3 thoughts on “Artemis, die Reine. 16.02. Paul Reichenbach denkt an Nichts

  1. Dieses “Reine” wäre in j e d e m Fall ohne Frucht. Und führte dann direkt in die Auslöschung von Leben; allenfalls bliebe ein “Leben” erhalten, das eben nur Göttern vorbehalten ist – die sich s o ziemlich langweilen müßten; aber für Mitleid für solche Götter habe ich menschlich keine Zeit. Insofern bleibt mir nichts als der radikale Widerspruch: eine solche Reinheit wäre für den Menschen verderblich. Ich frage mich auch, w e s h a l b “wir” das Nichts fühlen können sollten?
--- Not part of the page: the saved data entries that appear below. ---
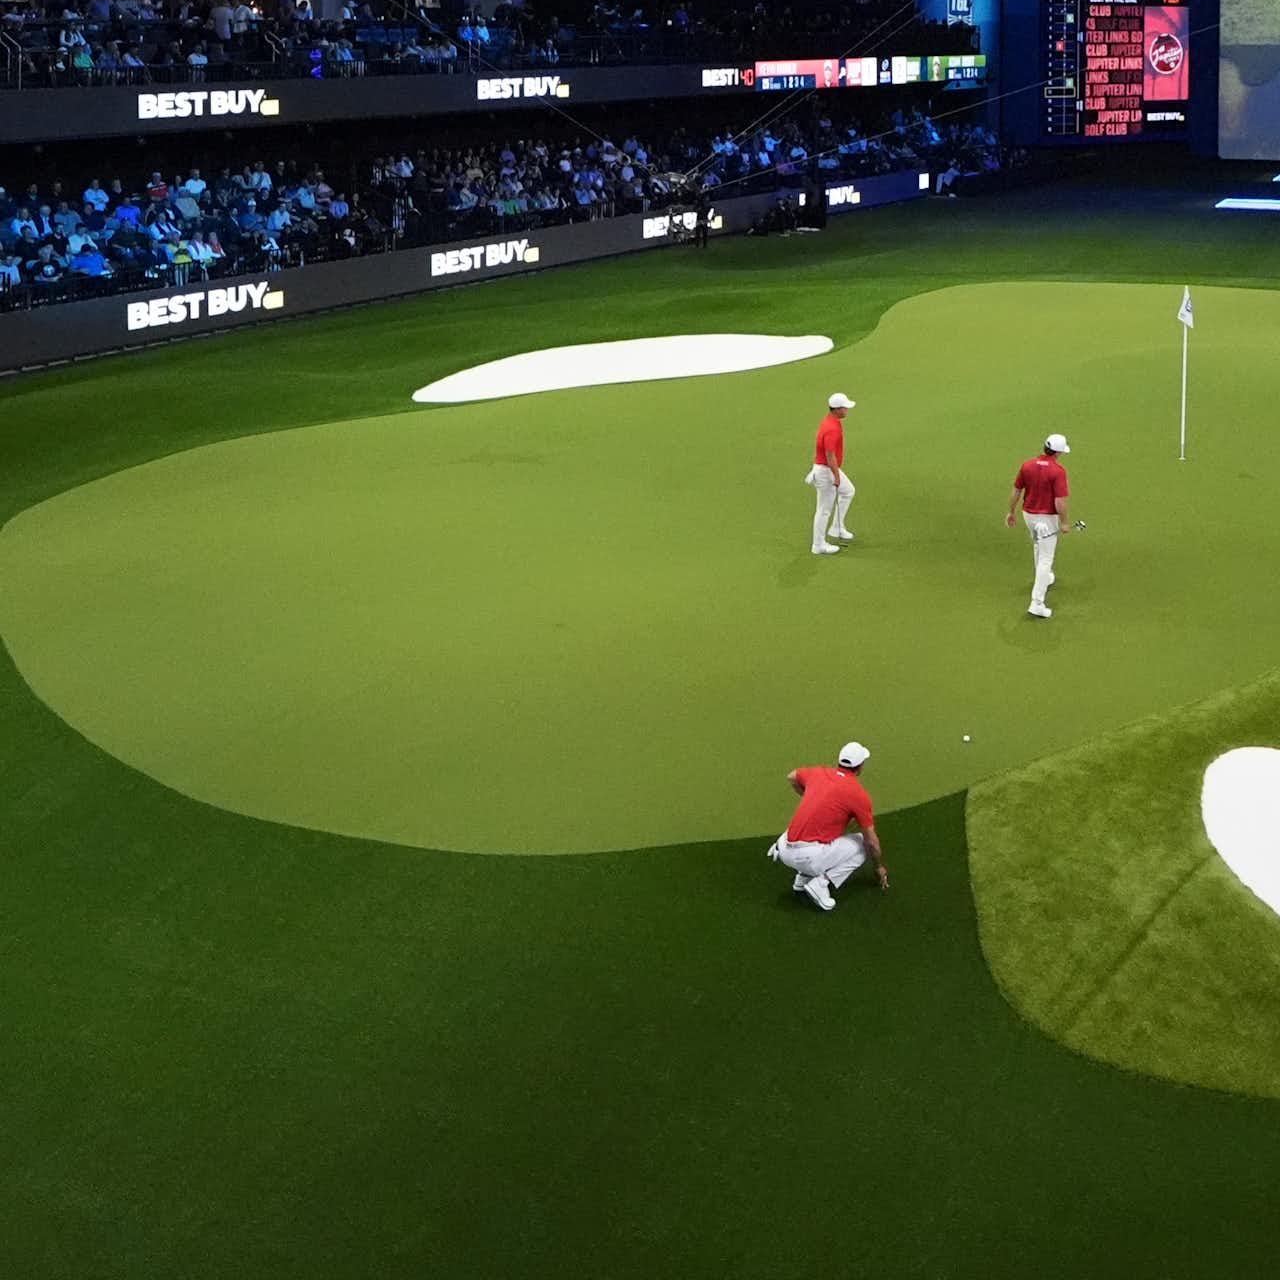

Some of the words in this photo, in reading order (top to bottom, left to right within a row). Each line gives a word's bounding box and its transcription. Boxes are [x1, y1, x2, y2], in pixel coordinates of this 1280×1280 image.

[1089, 5, 1111, 16] CLUB
[1105, 31, 1129, 43] LINKS
[1086, 44, 1107, 56] CLUB
[1087, 58, 1120, 70] JUPITER
[702, 69, 735, 87] BEST
[477, 78, 524, 101] BEST
[524, 76, 569, 98] BUY
[1093, 84, 1125, 96] JUPITER
[138, 91, 209, 120] BEST
[210, 88, 264, 116] BUY
[1097, 111, 1129, 122] JUPITER
[1106, 123, 1127, 136] CLUB
[430, 246, 484, 277] BEST
[486, 239, 539, 267] BUY
[128, 292, 205, 331] BEST
[207, 280, 269, 317] BUY
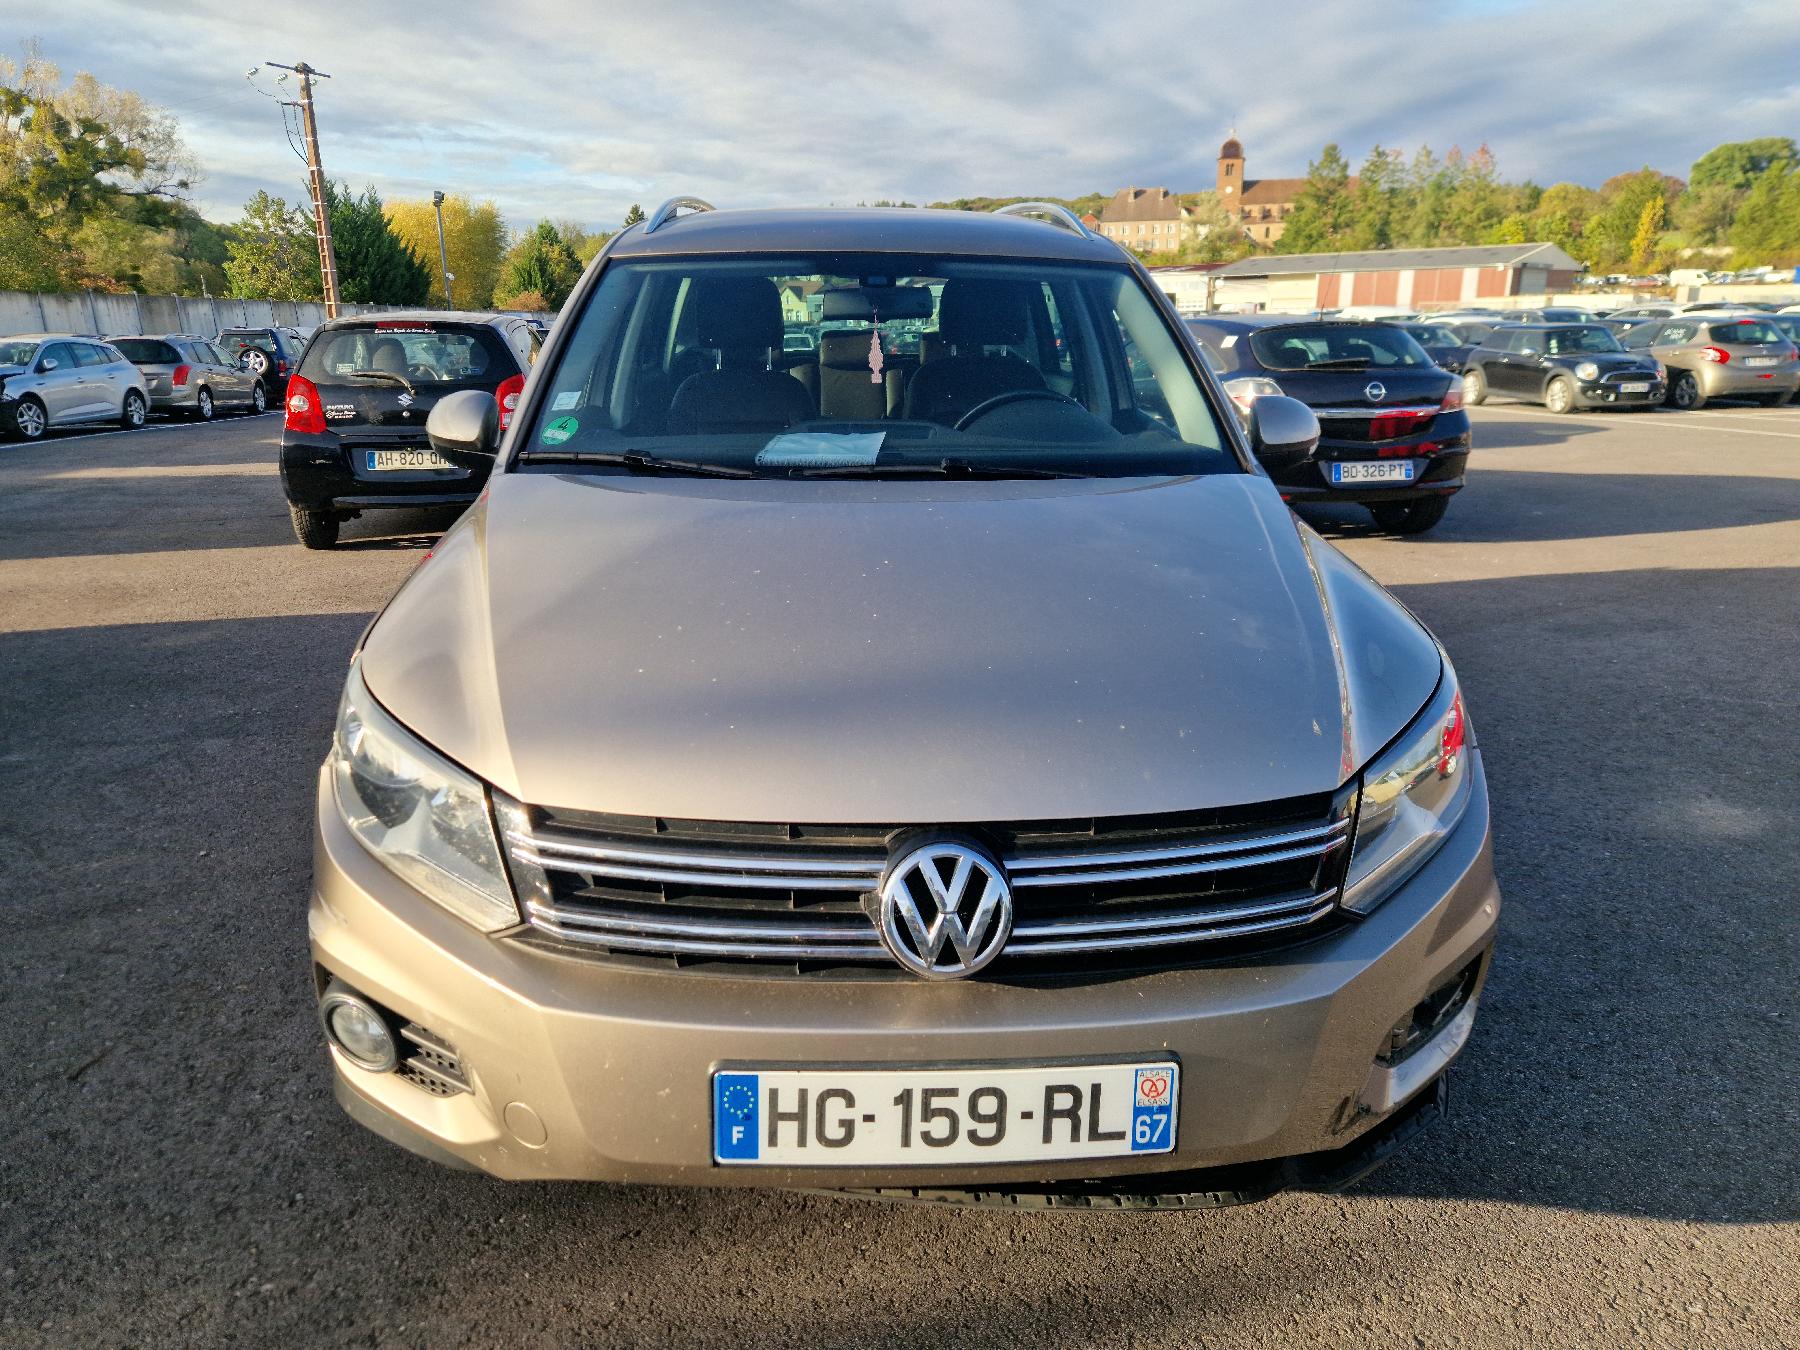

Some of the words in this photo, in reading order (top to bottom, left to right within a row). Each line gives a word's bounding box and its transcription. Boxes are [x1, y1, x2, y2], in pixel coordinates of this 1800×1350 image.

[1139, 1070, 1171, 1078] ALSACE
[1137, 1098, 1168, 1106] ELSASS
[767, 1083, 1127, 1148] HG-159-RL
[732, 1126, 744, 1145] F
[1135, 1113, 1168, 1144] 67
Im übrigen meine ich, daß es de facto auch nicht zu denken ist, weil Gedanken einen Gegenstand brauchen, so, wie das, was denkt, das Gehirn, immer und in jedem Fall materielle Substanz. Es >>>> geht um Irdischkeit, meinethalben auch um eine des Kosmologischen, immer aber, auch in einem vermeintlich kosmischen Rahmen, um Dasein. Für d i e s e s ist einzustehen, nicht aber für ein Nicht-Dasein. “Allzu sehr ans Tier gebunden” zu sein, ist in meiner Sicht eine Auszeichnung: die, Leben schaffen, lieben und erhalten zu können, auch wenn damit selbstverständlicherweise verbunden ist, daß wir töten können müssen. Wir haben verlernt zu erfahren, daß wir es täglich tun. Daran trägt gerade der (christliche/monotheistische) Reinheitsgedanke einige Schuld.

  2. Lieber Paul,

    selten bin ich so mit ANH einig, wie in diesem Fall. Deine azurne Gedankengaukelei, alles Lüftlmalerei, die daher kommt als hätte Abelaerd die Kutte gehoben, taugt für Eunuchen. (Du wirst Dich doch nicht selbst zum „Fulbert“ machen?) Ich heiße nicht Mario, und Du bist kein Magier, der aus dem Zylinder ätherische Kaninchen und lichte Tauben hervor zaubert.
    Es ist wunderbar, dass wir ans Tier gebunden sind, und also, weil wir leben und lieben, sterben müssen. Das pralle Leben, ob Auf – oder Untergang, liebt Engel, wenn sie als zwinkernde Putten einen Alkoven zieren.